Meu irmão e eu olhamos para cima ao mesmo tempo, ele olha para mim e seus olhos parecem estar perguntando se eu sei quem acabou de entrar. Eu dou de ombros e nós nos viramos para ver um garoto magricela com muitas marcas de chupão no pescoço. Se eu não soubesse melhor, pensaria que ele foi picado por abelhas, exceto que as abelhas só aparecem por causa de Kaseke e quando as visões terminam, elas também desaparecem.
"Sra. Ntola?" o entregador pergunta.
"Sim?" Kaseke pergunta, vindo e colocando um braço ao meu redor. "O que você quer com minha irmã?"

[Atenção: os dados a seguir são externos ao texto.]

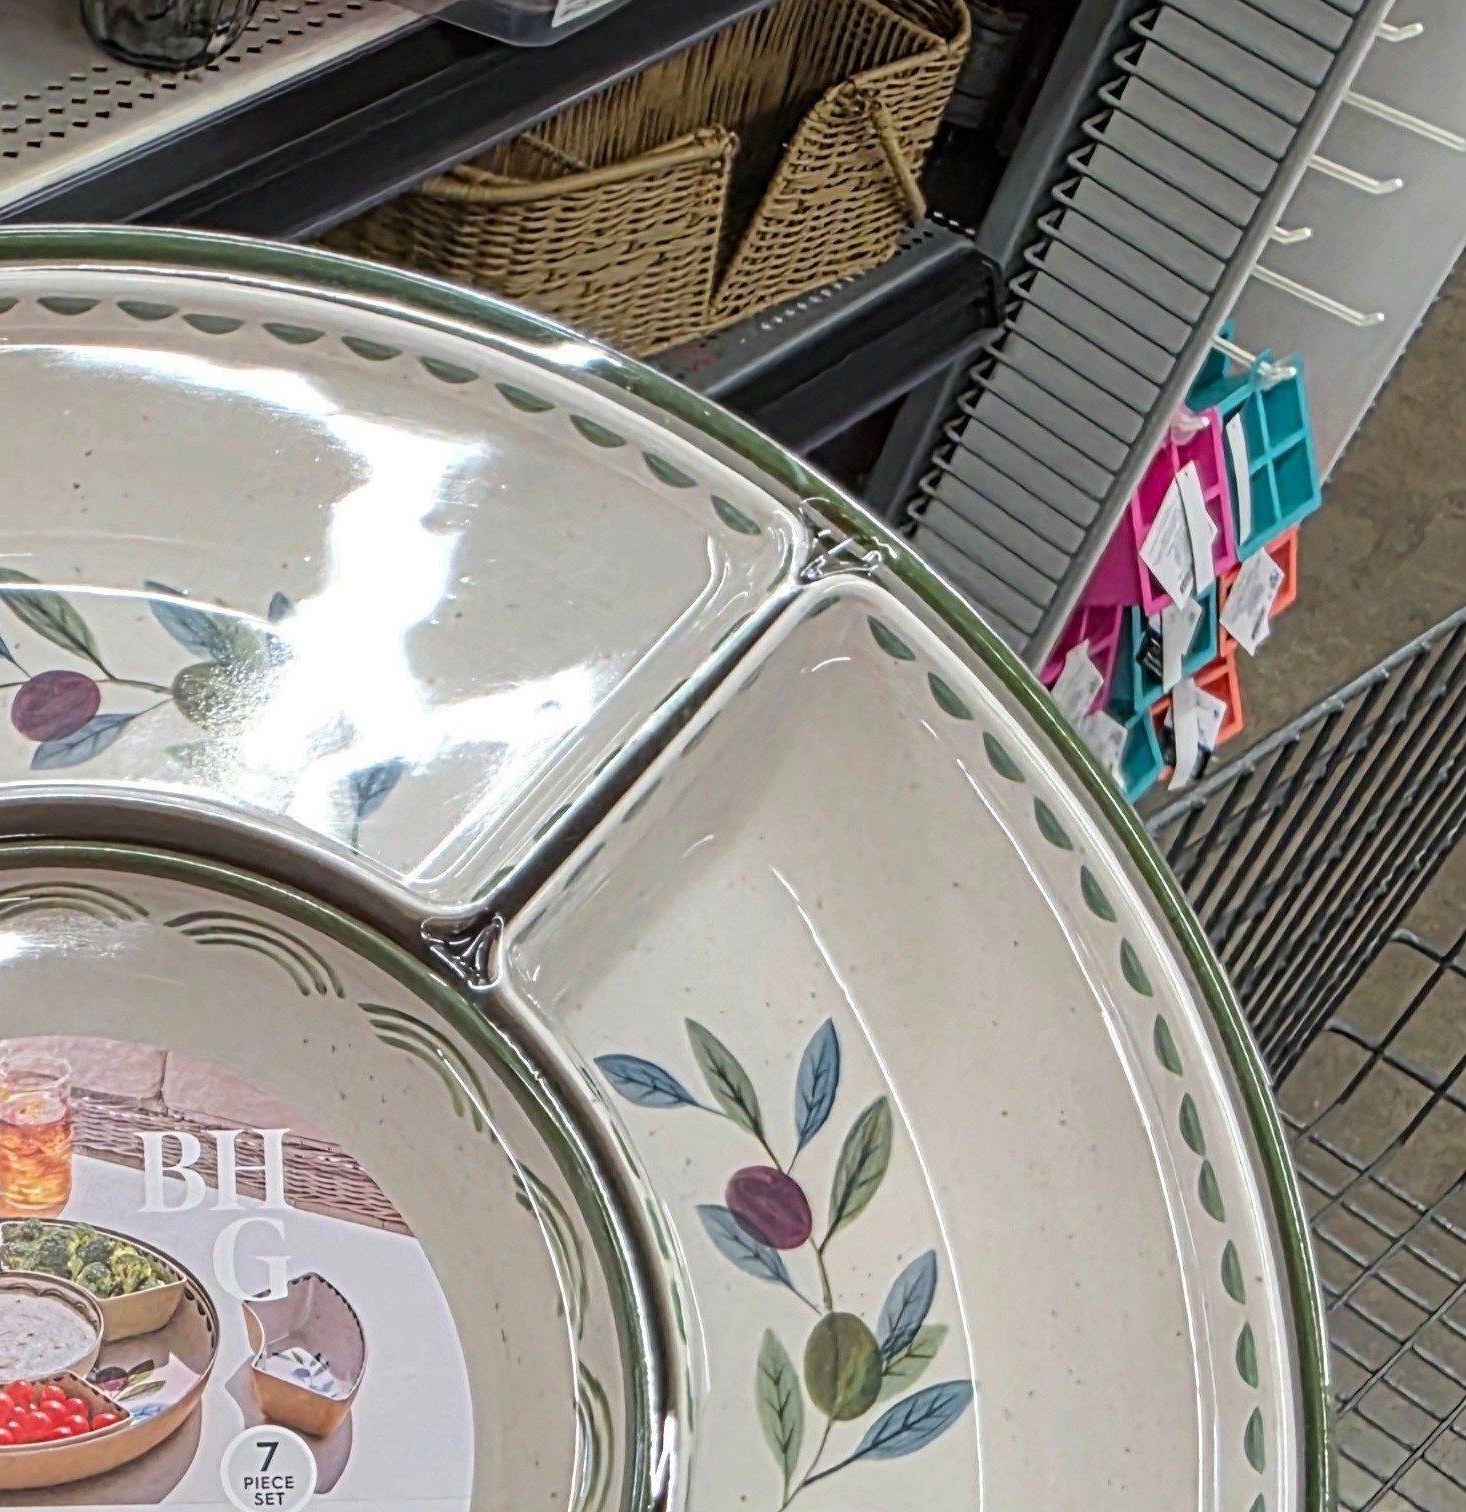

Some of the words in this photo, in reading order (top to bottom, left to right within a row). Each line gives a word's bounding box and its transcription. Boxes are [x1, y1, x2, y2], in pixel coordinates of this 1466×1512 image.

Então meu irmão olha o pobre rapaz diretamente nos olhos, sem sorrir.
"Hum..." o rapaz diz, e rapidamente me entrega um papel e uma caneta. "Por favor, assine aqui."
Eu assino.
"A-aqui... está," ele diz, me entregando um envelope.
No segundo em que pego, ele olha para meu irmão uma última vez e então sai correndo pela porta. Mas não antes de eu lançar um olhar apologético para ele.
Eu olho para Kaseke e aponto para onde o garoto desapareceu. "E isso?"
Ele olha para o envelope em vez disso e então acaricia a barba pensativamente e dá de ombros. Eu sei o que ele não está dizendo -- apenas abra essa coisa, mulher.
Eu hesito. Talvez seja um cliente tão feliz com meus aços que decidiu me dar um bônus. Ou talvez seja um cheque de adiantamento para um novo pedido. Respiro fundo e sinto uma sensação estranha no estômago. É como se uma família de borboletas vivesse lá.
Será que o dia pode melhorar ainda mais? Não consigo me mover. Nem lembro meu nome.
O silêncio se arrasta por alguns segundos.
Kaseke se lança para o envelope. "Abra."
Eu me afasto dele antes que ele possa arrancá-lo de mim e respiro fundo novamente antes de abrir.
É uma nota.
Princesa, Imani
Eu não me lembro de ter dito que você poderia ficar com o troco, disse? Quero meus F300 de volta.
Meus dados bancários estão no verso da nota.
Obrigado.
D.M Duma
Por algum motivo, quando leio, imagino o quão sarcástica a princesa provavelmente soou na cabeça dele.
"Então...?" Kaseke diz, impacientemente batendo o pé no chão. "O que diz?"